Phylogenetics is the study of evolutionary relatedness between organisms - identifying which plants or animals have common ancestors. The end result of such study is the production of phylogenetic trees, or "trees of life", which look something like this and diagrammatically convey our best estimate as to when and where two closely related species have diverged earlier in evolutionary history. Historically, I get the impression this has been a 1very labour intensive process, and one where it has been difficult to get any sort of objective measure of reliability: evolutionary relatedness has had to been inferred based on observed similarities in things like large-scale physical traits or behaviour.
Modern molecular biology, however, has opened the door to, appropriately enough, so-called molecular phylogenetics, in which evolutionary relatedness is determined in a more direct and objective way by comparing organisms in terms of molecular structure - specifically, DNA or some form of RNA. In this case each organism is represented by a GATTACA-style sequence of base pairs and we assess relatedness by using some sort of mathematical model of the evolutionary process itself. As a simplest approximation, we might represent evolution by a sequence of independent mutations, where a particular base pair is picked uniformly at random from the entire sequence and replaced by another base pair picked uniformly at random from the 16 possible pairs. It is possible to refine this first order approximation by making mutations in some areas of the sequence more likely than others and/or making some mutations more likely than others.
With a collection of aligned sequences and such a mathematical model of evolution, we can then proceed to infer phylogenetic trees by any one of a number of possible techniques - by appealing to parsimony, and seeking the tree which minimises the total number of required mutations; by appealing to maximum likelihood and seeking the tree whose underlying sequence of mutations is more probably than that underlying any others; or by using Bayesian inference to compute a posterior probability distribution over trees. These heavily computational approaches to molecular phylogenetics are called (once again, appropriately enough), computational phylogenetics.
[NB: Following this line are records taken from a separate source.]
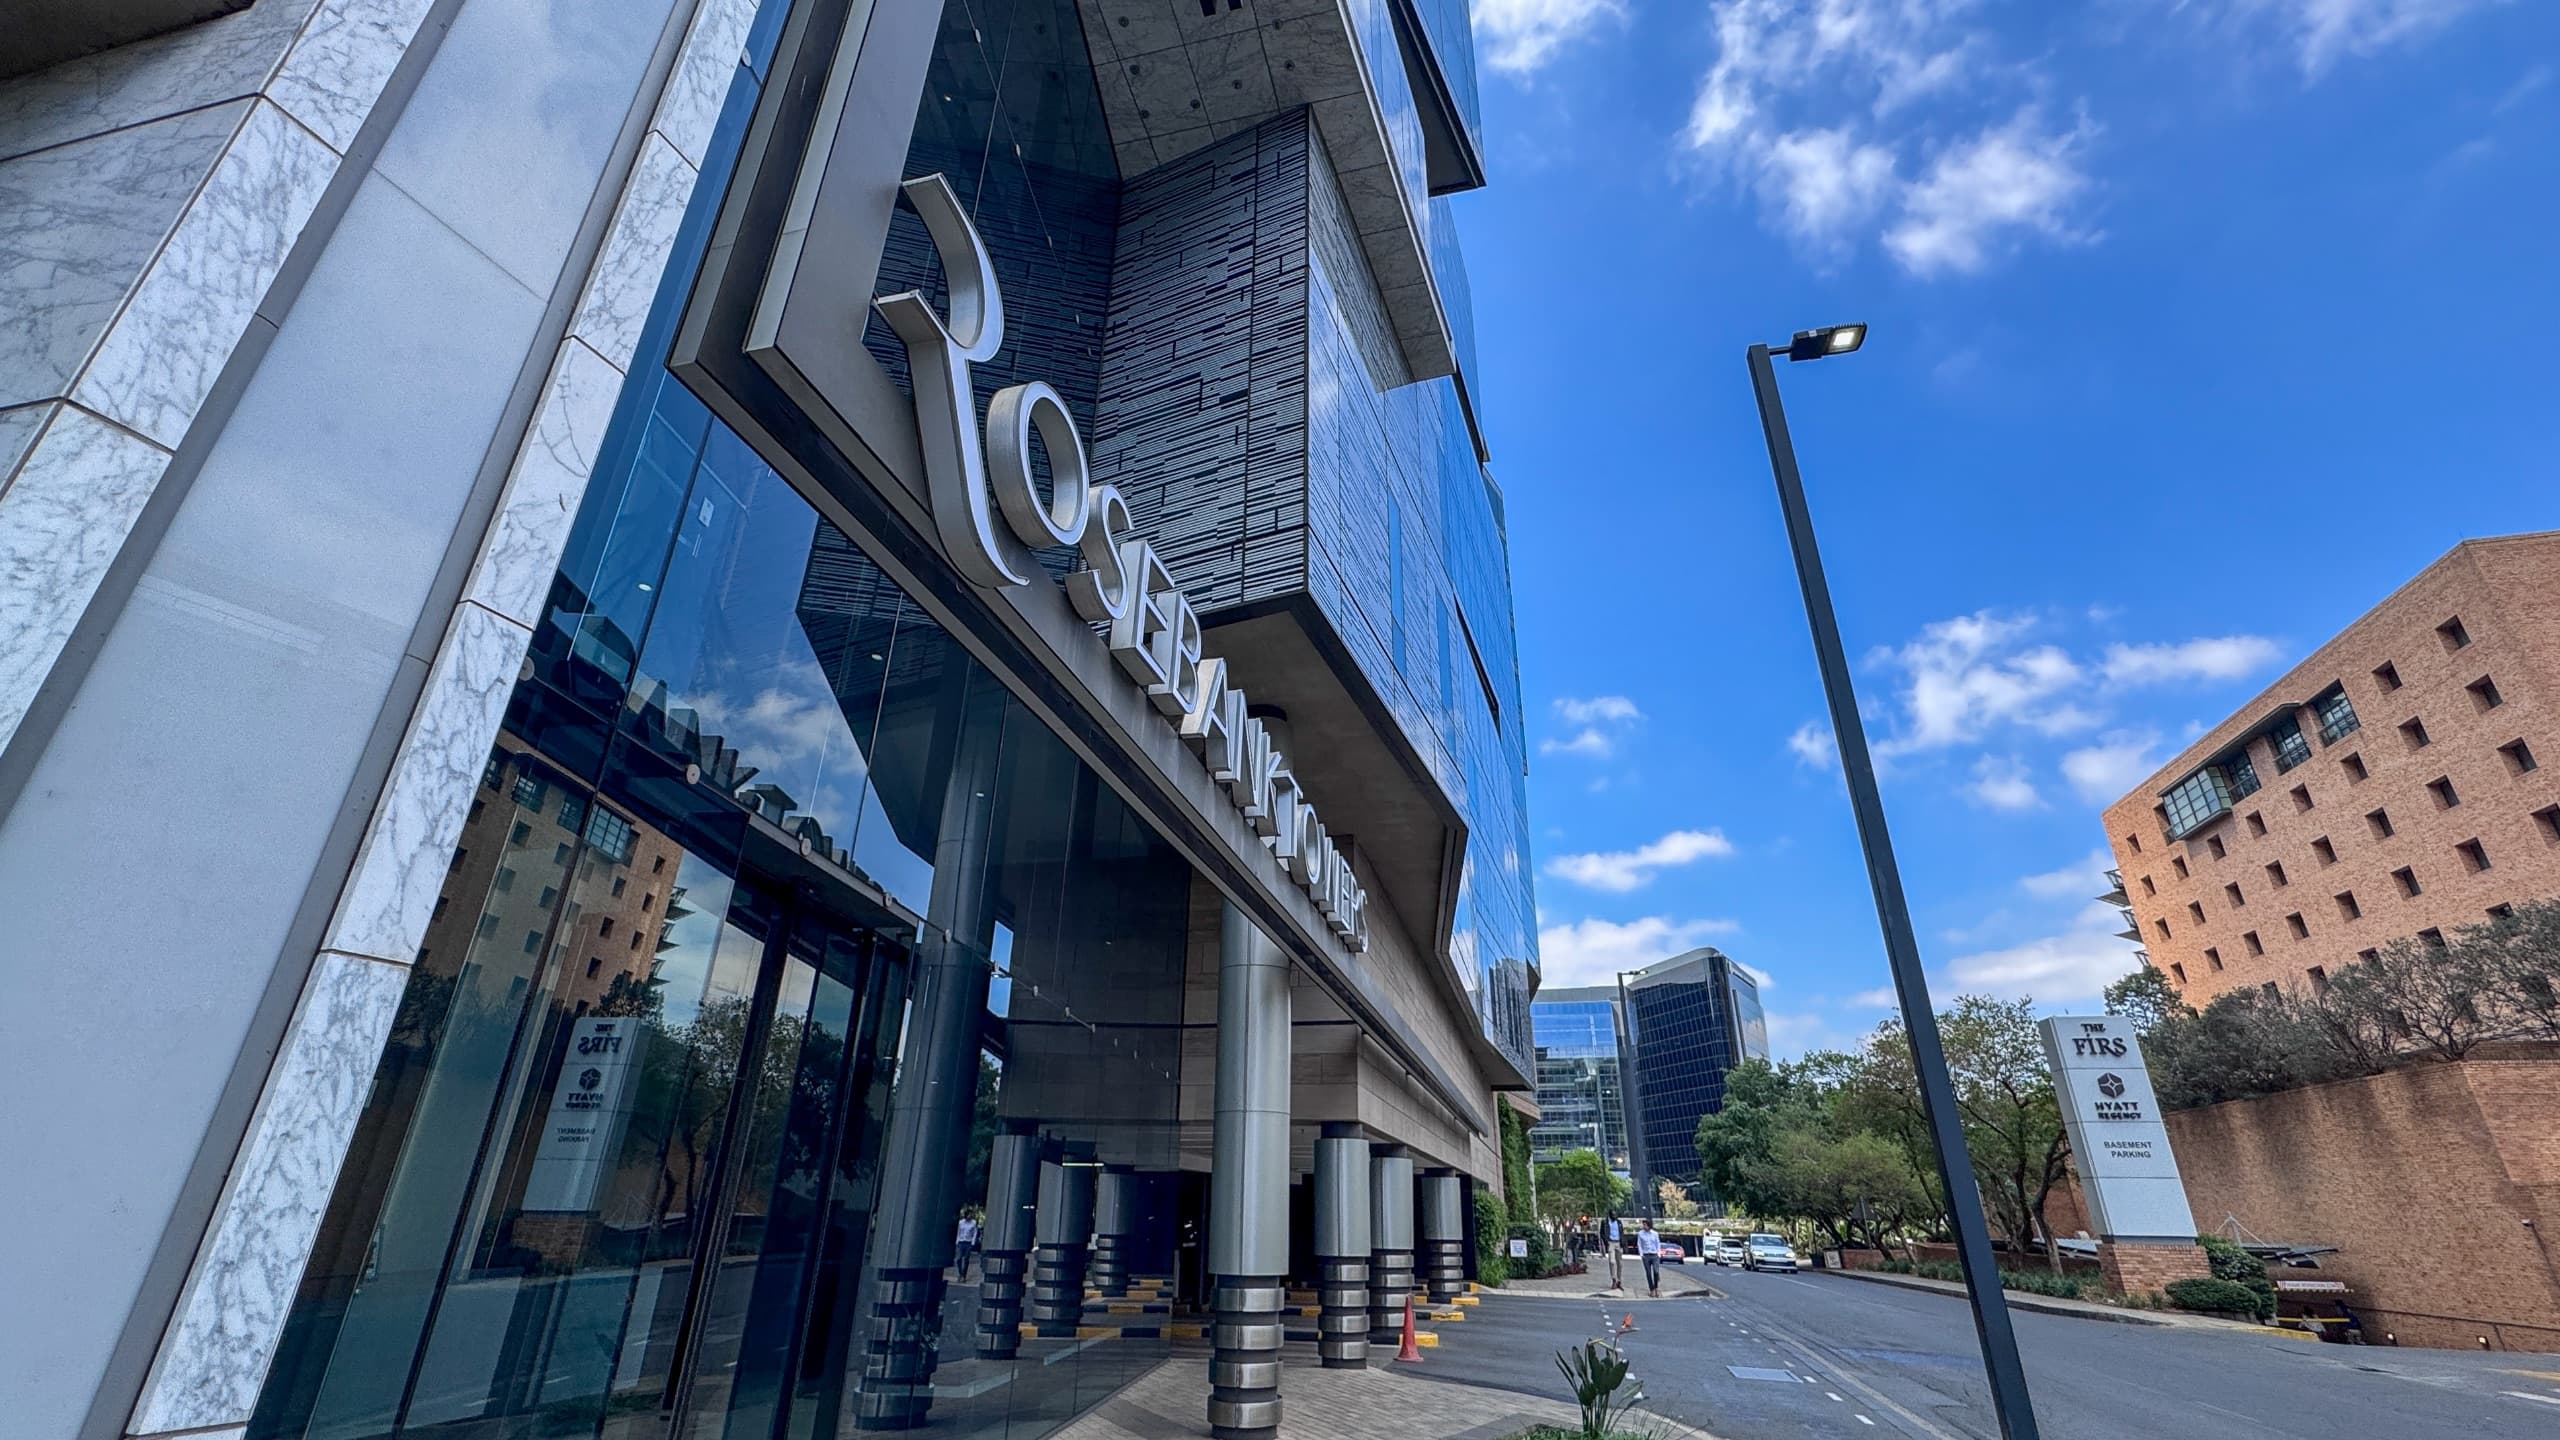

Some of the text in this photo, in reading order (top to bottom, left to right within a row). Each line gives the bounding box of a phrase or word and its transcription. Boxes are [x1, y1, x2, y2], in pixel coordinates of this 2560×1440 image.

[875, 172, 1368, 953] ROSEBANK TOWERS
[2080, 1023, 2106, 1033] THE
[2071, 1033, 2128, 1058] FIRS
[2094, 1101, 2139, 1111] HYATT
[2097, 1112, 2142, 1120] REGENCY
[2103, 1141, 2152, 1149] BASEMENT
[2111, 1150, 2152, 1158] PARKING
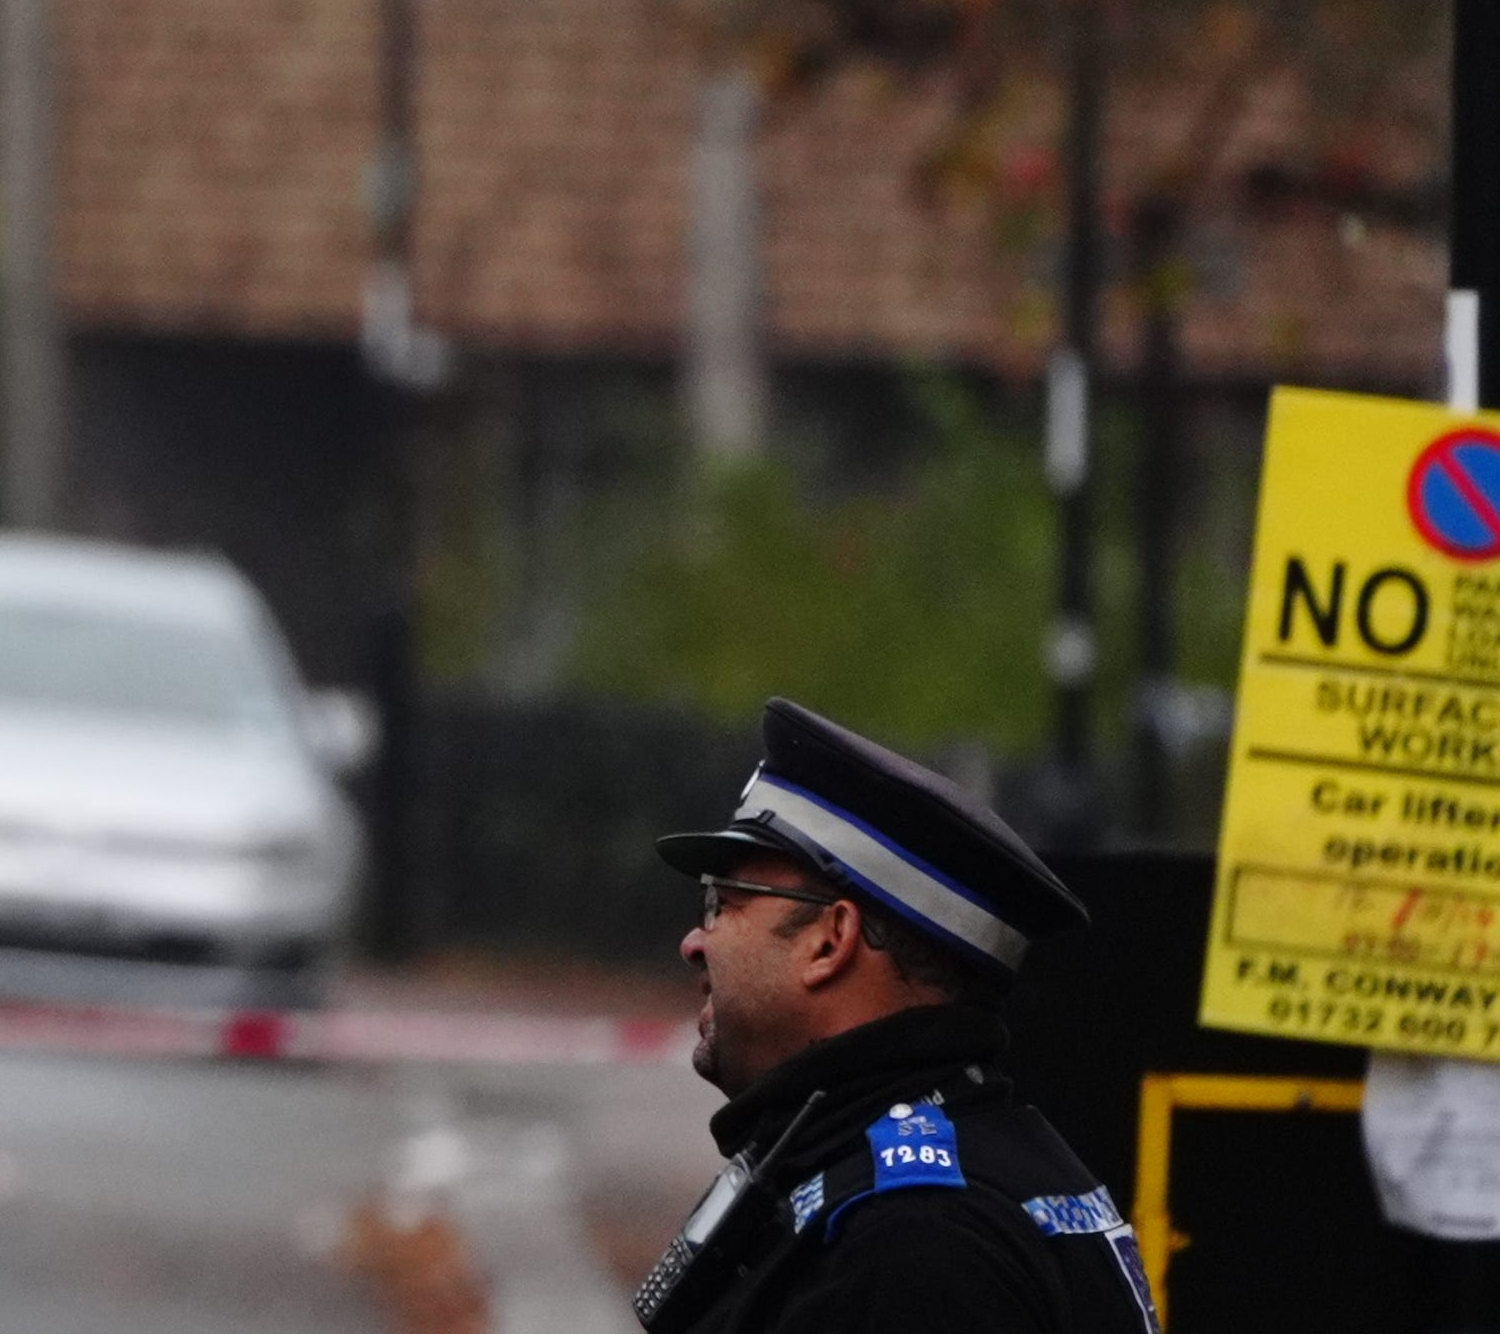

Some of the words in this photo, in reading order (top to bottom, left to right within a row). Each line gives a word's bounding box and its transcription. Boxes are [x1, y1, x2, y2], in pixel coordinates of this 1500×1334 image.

The Bayesian case is the most immediately interesting to me, because it's the only one I've read about in significant detail and because the specific algorithms used typically belong to the same broad class of algorithms that I use in my own work (Markov Chain Monte Carlo approximations), although Wikipedia suggests that this technique is controversial at best. The trees produced via Bayesian methods in the paper cited above, though, certainly seem reasonable to my non-expert eye.
The awesome explanatory power of the ideas of evolution mapped onto genetics is poignantly apparent when we step back and think about what is being achieved here. We are providing as input to a computation the structure of certain molecules sampled from organisms - invisible, tiny fragments of whole animals - and, making only assumptions about mutation processes on these molecules (which are known for a fact to occur) we are receiving as output tree structures of relatedness which are in excellent broad agreement with the tree structures we made in the pre-genetic days based on our observations of macroscopic physical features of whole animals. How inspiring! How giddyingly exciting it is to think that it is by no means impossible that in the future, after we have refined our techniques of , developed more efficient and accurate numerical methods for Bayesian inference or other statistical techniques, and greatly increased the processing speeds of our computers, we may be able to input into a great machine cell samples from all the plants and animals we have discovered and, after a lengthy process of computation, be rewarded one day with a glance at the complete history of all life currently found on this planet!